Here, we conclude the trial court conducted an adequate inquiry. The court promptly provided defendant a hearing, gave him ample opportunity to voice his grounds for the motion, then asked Mr. Allen to respond to defendant's points. With regard to defendant's complaint that Mr. Allen failed to file a Pitchess motion, the court clearly was probing to ascertain whether such a motion was warranted and relented only after Mr. Allen indicated he would consider filing another Pitchess motion. As defendant acknowledges, this is not a case like those that he cites where the courts made no inquiry of counsel regarding the defendants' allegations. (See People v. Cruz (1978) 83 Cal.App.3d 308, 317; People v. Munoz (1974) 41 Cal.App.3d 62, 66; In re Miller (1973) 33 Cal.App.3d 1005, 1021; People v. Groce (1971) 18 Cal.App.3d 292, 296-297.) Defendant cites no analogous case law supporting the inquiry here was inadequate to protect defendant's right to effective assistance, especially given Mr. Allen's representation that he would consider filing another Pitchess motion, which could have rectified his dispute with defendant. Defendant claims any reliance on Mr. Allen's representation was unreasonable because Mr. Allen never promised he would actually file a Pitchess motion, but it is generally for counsel to control tactics (People v. Welch (1999) 20 Cal.4th 701, 728-729) and the issue before the court was whether counsel was providing adequate representation or whether ineffective assistance was likely due to an irreconcilable conflict. The court was entitled to rely on Mr. Allen's representation in making its determination. (See People v. Smith (1993) 6 Cal.4th 684, 696; People v. Webster (1991) 54 Cal.3d 411, 436.)

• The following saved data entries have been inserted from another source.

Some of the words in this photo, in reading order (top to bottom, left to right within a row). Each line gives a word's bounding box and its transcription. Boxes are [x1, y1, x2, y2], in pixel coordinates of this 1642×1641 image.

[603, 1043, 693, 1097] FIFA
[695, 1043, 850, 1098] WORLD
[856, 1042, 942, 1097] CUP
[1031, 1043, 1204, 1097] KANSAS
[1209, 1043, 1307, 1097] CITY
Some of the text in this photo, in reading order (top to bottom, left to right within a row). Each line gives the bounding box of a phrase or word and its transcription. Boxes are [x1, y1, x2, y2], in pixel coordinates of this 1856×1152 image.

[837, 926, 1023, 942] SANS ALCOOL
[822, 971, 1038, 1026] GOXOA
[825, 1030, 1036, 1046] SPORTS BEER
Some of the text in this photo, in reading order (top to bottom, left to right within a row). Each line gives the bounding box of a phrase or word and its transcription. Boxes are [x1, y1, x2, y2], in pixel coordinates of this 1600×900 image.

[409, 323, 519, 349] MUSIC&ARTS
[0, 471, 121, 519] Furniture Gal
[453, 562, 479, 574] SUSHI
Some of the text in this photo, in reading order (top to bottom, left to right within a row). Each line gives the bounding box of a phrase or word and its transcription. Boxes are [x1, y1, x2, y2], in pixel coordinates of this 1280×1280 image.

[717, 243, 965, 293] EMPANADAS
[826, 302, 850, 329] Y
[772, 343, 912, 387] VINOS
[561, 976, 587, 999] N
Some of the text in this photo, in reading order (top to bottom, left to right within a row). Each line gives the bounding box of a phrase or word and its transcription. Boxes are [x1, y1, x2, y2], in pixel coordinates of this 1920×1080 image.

We also see no abuse of discretion in the trial court's denial of the motion. As alluded, whether to file a Pitchess motion is a matter of tactics. "Disagreement concerning tactics, by itself, is insufficient to compel discharge of counsel." (People v. Smith (2003) 30 Cal.4th 581, 606 (Smith).) To obtain substitute counsel, defendant had the burden of showing the failure to replace Mr. Allen would substantially impair his right to the assistance of counsel. (Id. at p. 604.) Considering the record of the Marsden hearing, defendant failed to carry that burden. Defendant never set out a theory of the case supporting a plausible factual foundation for discovery under Pitchess. (See People v. Thompson (2006) 141 Cal.App.4th 1312, 1316.) Further, when the court inquired of counsel whether a Pitchess motion was warranted, Mr. Allen indicated that he would consider filing one. Again, the court was entitled to rely on that representation, and given the apparently amicable relationship between defendant and Mr. Allen, the court could reasonably find, as it implicitly did, that defendant failed to establish that "a failure to replace counsel would substantially impair the defendant's right to assistance of counsel." (Smith, supra, 30 Cal.4th at p. 604.)

In sum, the trial court did not abuse its discretion in addressing and denying defendant's Marsden motion.

B. Evidence Code , Section 1101, Subdivision (b)

Next, defendant contends the trial court erred in admitting evidence under Evidence Code, sections 1101, subdivision (b) ("1101(b)") and 352. We find no error.

1. Additional Facts

Pursuant to Evidence Code section 1101(b), the trial court admitted evidence concerning the following four prior uncharged incidents, finding them probative of motive and intent.

In 1998, Sergeant Donald Olsen and his partner responded to a produce distribution center about defendant assaulting someone. Upon arriving, defendant cursed at the officers, said they had no right to be there, and "[t]here was no fucking problem." He resisted being handcuffed and refused to alight from the raised docking platform he was on. Instead, he sat and made himself deadweight, forcing the officers to carry him to the parking lot. He refused to answer basic booking questions and told Sergeant Olsen hostilely that he did not know who he was dealing with and that he "better recognize," which Sergeant Olsen perceived as attempted intimidation.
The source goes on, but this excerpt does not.